A look passed between husband and wife and the man shook his head too abruptly. ‘Nothing. Now get out of here. We don’t want any more visitors. Waste of time, all of you.’

‘I guesss I’ll have to come back with the Chief Inspector, after all.’ James made to move.

‘Tell him, Jean.’

The man lunged towards his wife. James leapt to intercede and dragged him away from her. ‘You’d better come with me. Right now. They have excellent cells at the Sûreté.’

He shoved the man towards the gangplank.

‘No, Monsieur. No, please.’ The woman clutched at James’s sleeve. ‘Give it to him, Jean. Or we’ll all end up getting arrested. The baby …’ She was sobbing. ‘It’s not right. I told you it wasn’t right. You shouldn’t profit from the dead.’

James pretended oblivion and prodded the man along.

‘All right. Go and get it,’ he lashed out at his wife as they reached the bank. ‘She’s going to get it. Get your paws off me. Now.’

James kept his grip while the woman disappeared round the corner of the deck. She came back a moment later and held out a bracelet, a pretty mixture of silver and emeralds.

‘Here, here. Take it. Please, Monsieur. Don’t have him arrested. Please.’ Her voice trembled. Tears rolled down her cheeks. ‘They’ll take the baby. I couldn’t … We didn’t mean anything by it. Really. Jean thought it would prevent a scandal. He wanted me to have something nice …’

James looked from one to the other of them. ‘You’re sure this is everything?’

The woman nodded while her husband grunted. ‘The slut was hardly wearing Marie Antoinette’s diamonds!’

‘Jean! Yes, yes.’ She turned towards James. ‘That’s everything. On my honour.’ She crossed herself quickly. ‘Please, Monsieur …’ Her eyes implored him.

‘All right. I’ll let the Chief Inspector know you told me all this willingly. That your intentions were …’ he paused. ‘That your intentions were good.’

‘Thank you, Monsieur.

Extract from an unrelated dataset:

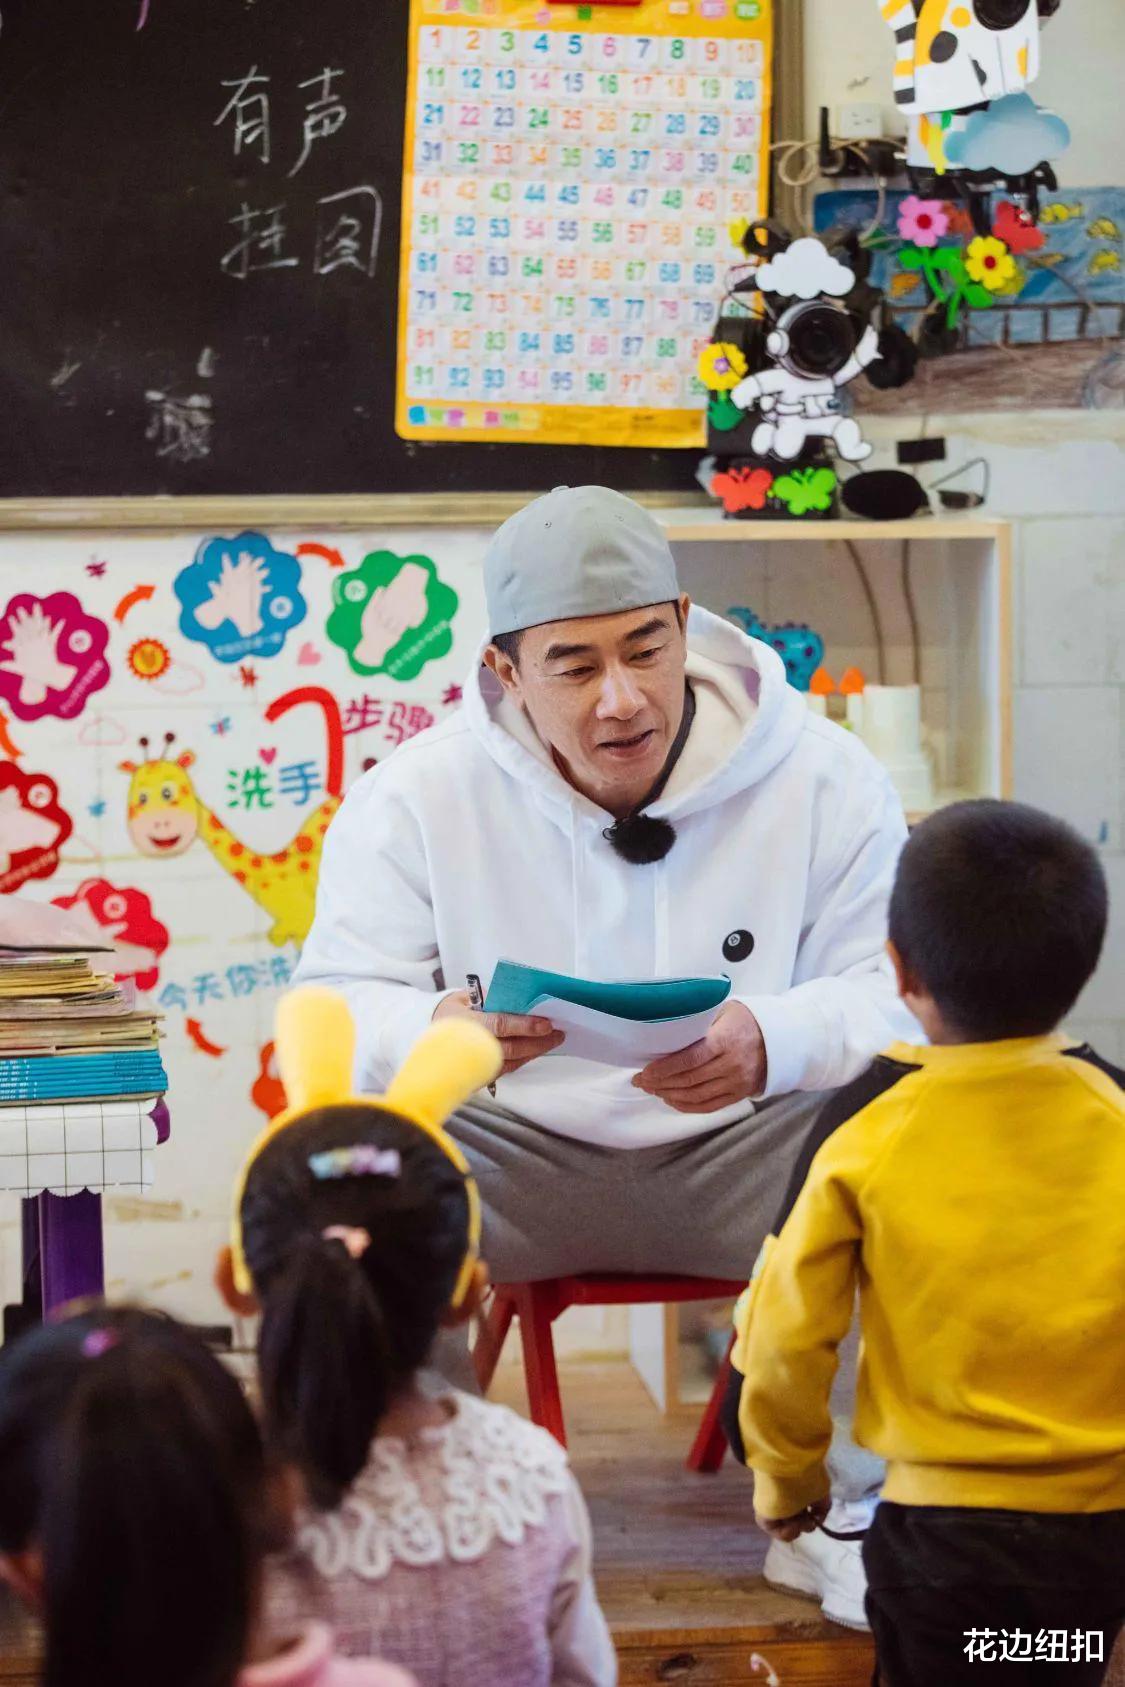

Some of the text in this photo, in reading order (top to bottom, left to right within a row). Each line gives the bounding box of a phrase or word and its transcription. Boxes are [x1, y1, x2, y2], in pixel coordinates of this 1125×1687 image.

Thank you.’

He left with the sound of her thanks mingled with her
husband’s
curses ringing in his ears.

 

Drunk on too much information, James walked unsteadily. He was oblivious to his direction, to the play of human traffic around him, to the shouting voices which told him to watch his step as he lurched into a mountain of construction material. His throat felt raw. This last bit of unpalatable knowledge stuck in his gullet. He couldn’t digest it.

He remembered one of the first things Raf had said to him about the case. The drowned Olympe was bereft of clothes. Someone had all but stripped her and then killed her or in the reverse order. That didn’t matter. What mattered was that a woman bent on suicide didn’t take her clothes off before flinging herself into the river. Therefore her death had to be murder. But Olympe’s body, it now transpired, hadn’t floated downstream ungarbed. After all this, her death could still be a suicide.

That much he could absorb. But the fact that she had been dressed in a man’s clothes was the rub. Why? What did it signify?

His thoughts scurried, restless as rats. He sniffed at dark corners. What was it the pianist had said? Olympe wasn’t like that, wasn’t like some of the girls. What were some of the girls like? He thought of the statuesque Berenice, little Eugénie.

Could Olympe’s interest when she visited her friends have been something quite other than charitable? He pushed the thought away into a dusty crack. In any event, in no way did such matters deny Caro’s violent activities.

He needed to see Durand. He looked round to get his bearings. Somehow his feet had carried him in the direction of Madame de Landois’s street. Perhaps he should talk to Marguerite first. It might help to clarify things. Yes, if she was at home that’s what he would do. He could also perhaps
catch up with Raf at Touquet’s office by telephone from there. But no, no. He couldn’t tell Raf this latest bit of
information
. Not the full content of it. It would throw Raf into even greater turmoil.

A carriage clattered round the corner, narrowly missing him as he made the turn into the street. In front of
Marguerite’s
hôtel particulier
, a man walked, his stick clicking out a repetitive rhythm on the pavement. As James approached, he turned and retraced his trajectory, glancing up at the double doors of Marguerite’s house, before once more turning back.